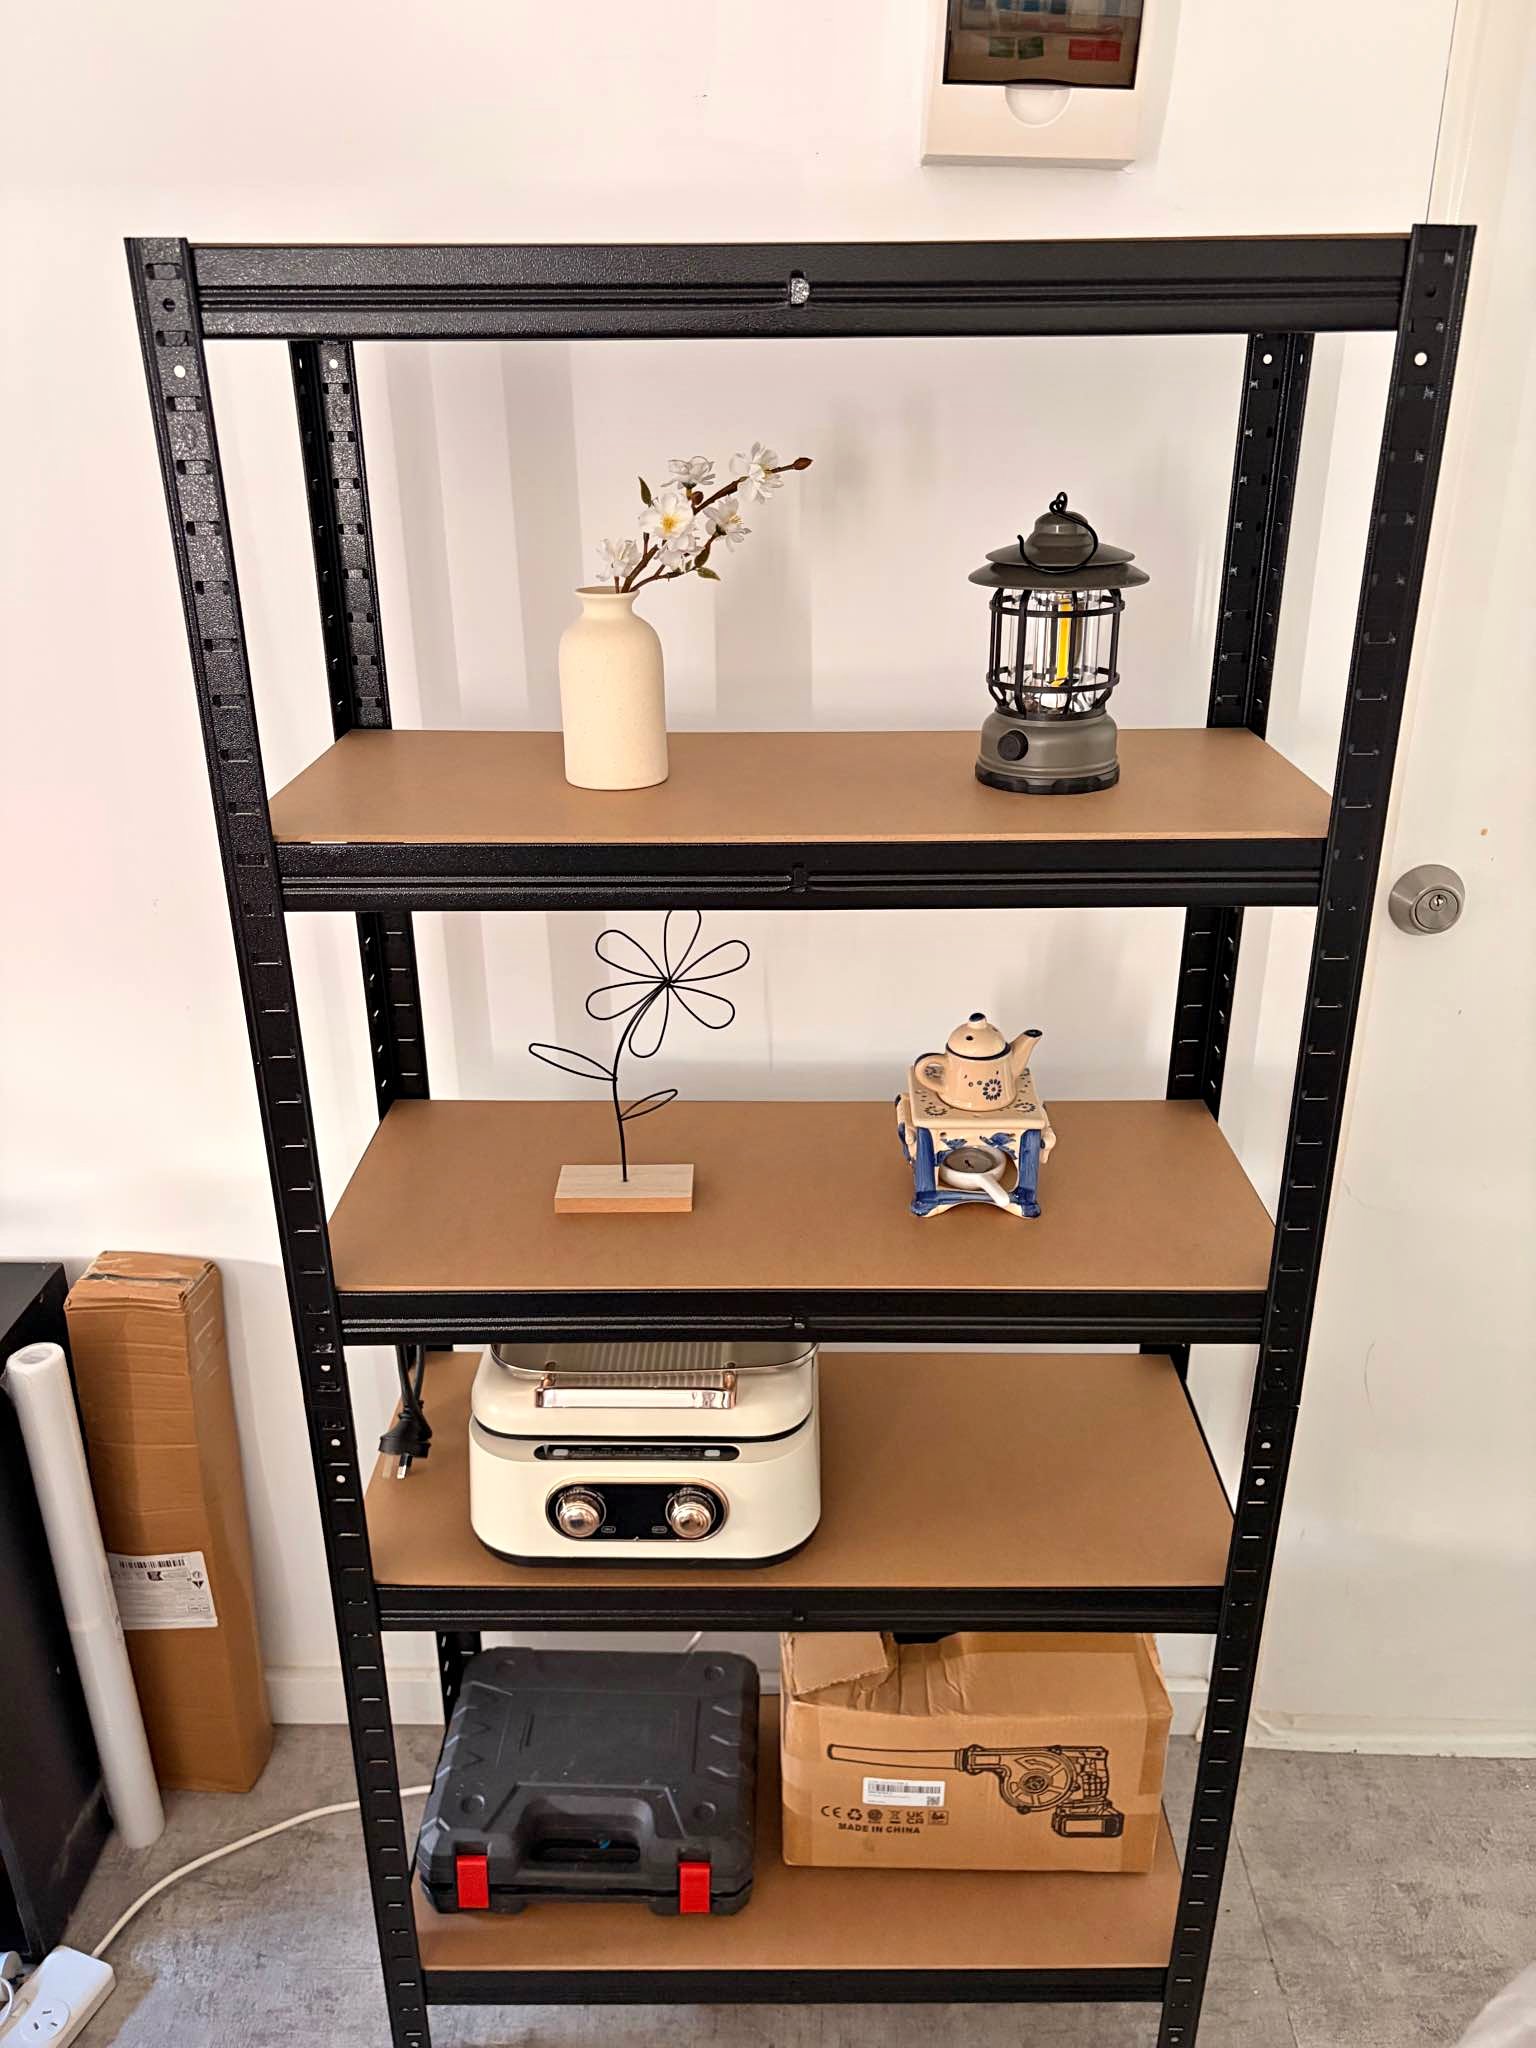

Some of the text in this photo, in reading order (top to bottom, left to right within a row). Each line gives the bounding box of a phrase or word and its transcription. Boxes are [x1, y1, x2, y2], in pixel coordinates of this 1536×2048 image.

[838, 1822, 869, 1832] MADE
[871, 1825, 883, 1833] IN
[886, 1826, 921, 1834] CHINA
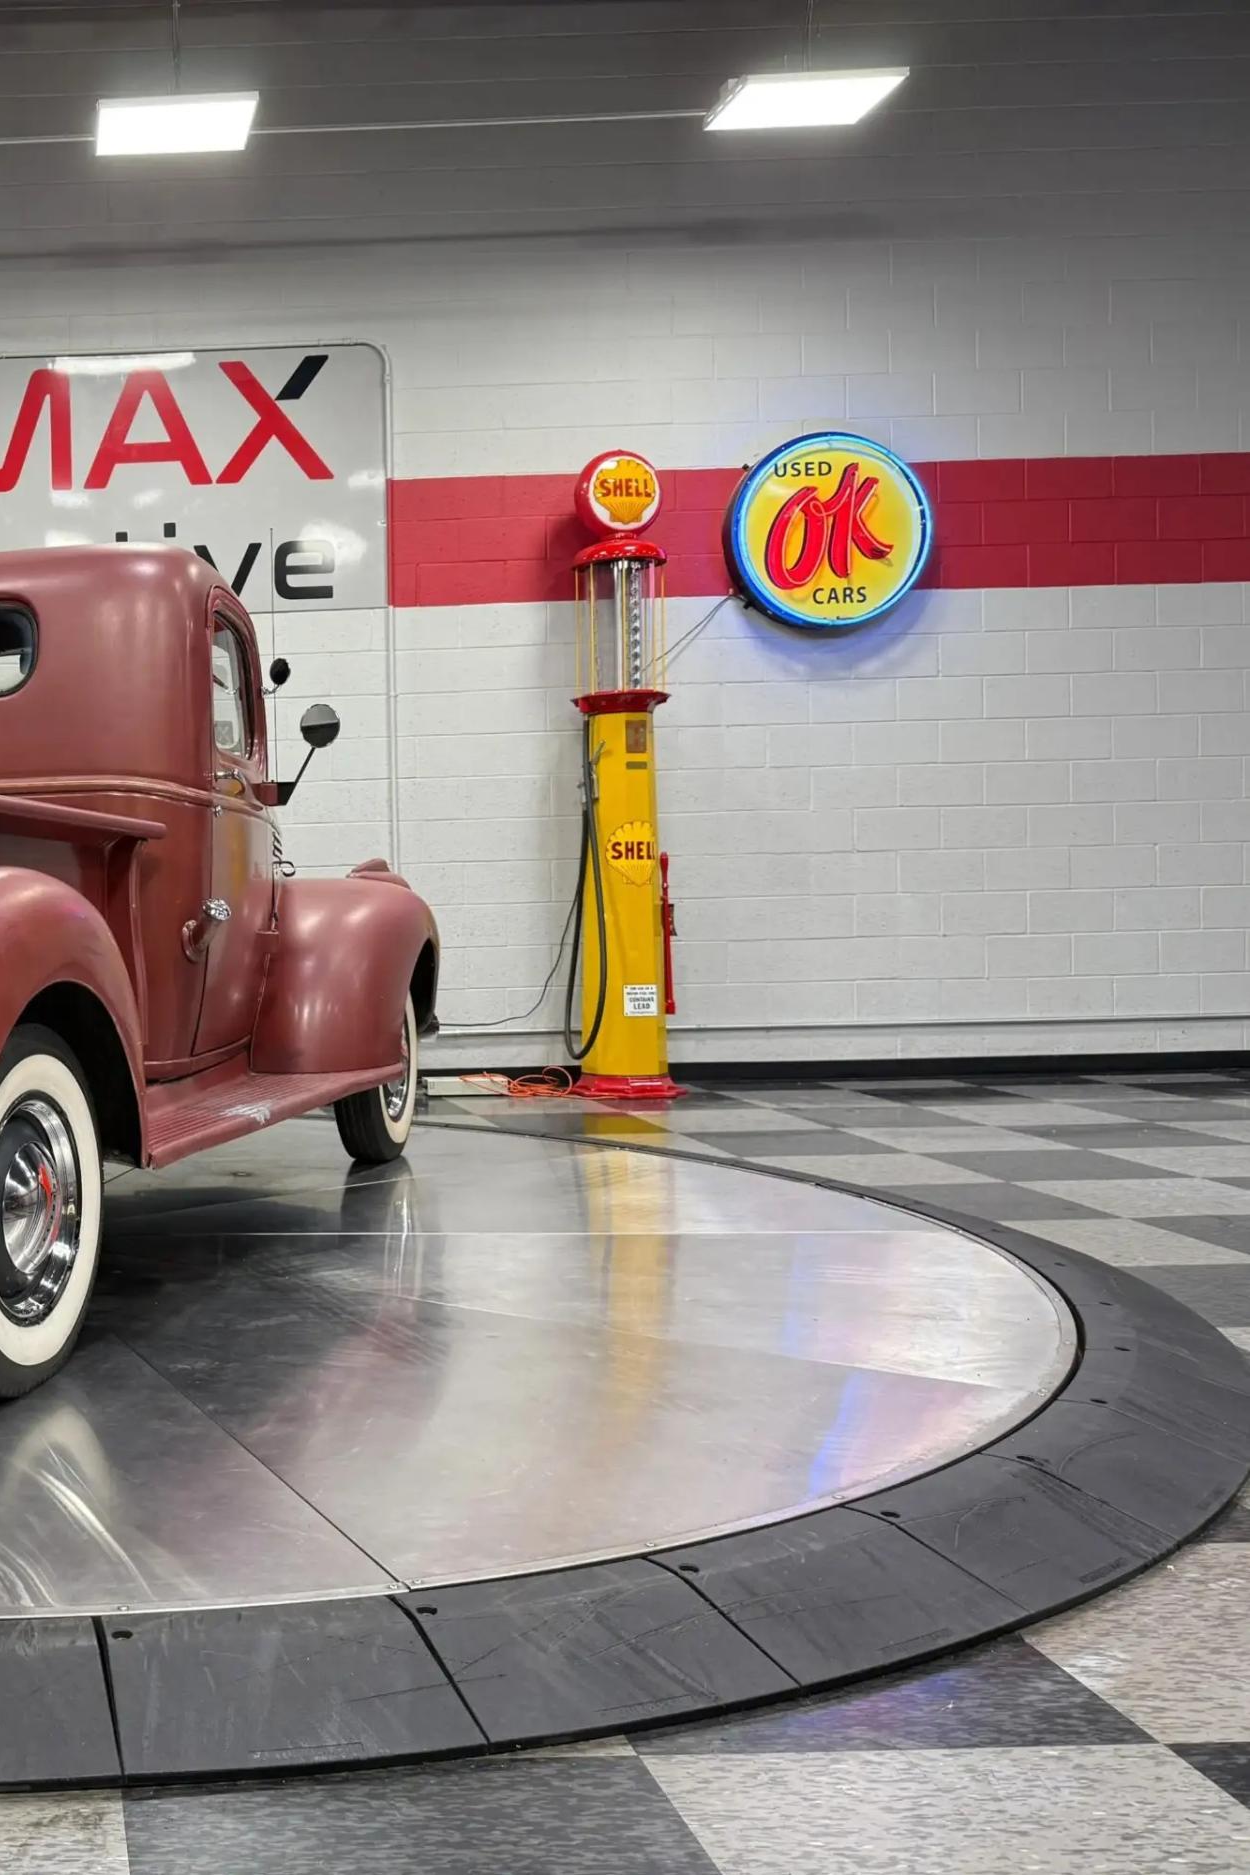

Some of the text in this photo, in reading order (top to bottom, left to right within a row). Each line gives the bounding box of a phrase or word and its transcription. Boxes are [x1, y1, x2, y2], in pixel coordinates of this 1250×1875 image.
──────────────────────────────
Except for the pictures, set down all of the records exactly.

## Exercise output
Some of the text in this photo, in reading order (top to bottom, left to right within a row). Each line gives the bounding box of a phrase or word and its transcription. Boxes are [x1, y1, x2, y2], in pixel coordinates of this 1536×2048 image.

[838, 1822, 869, 1832] MADE
[871, 1825, 883, 1833] IN
[886, 1826, 921, 1834] CHINA

Some of the text in this photo, in reading order (top to bottom, left to right within a row). Each line gives the bounding box of a phrase or word and its transcription. Boxes are [x1, y1, x2, y2], in pixel coordinates of this 1250×1875 image.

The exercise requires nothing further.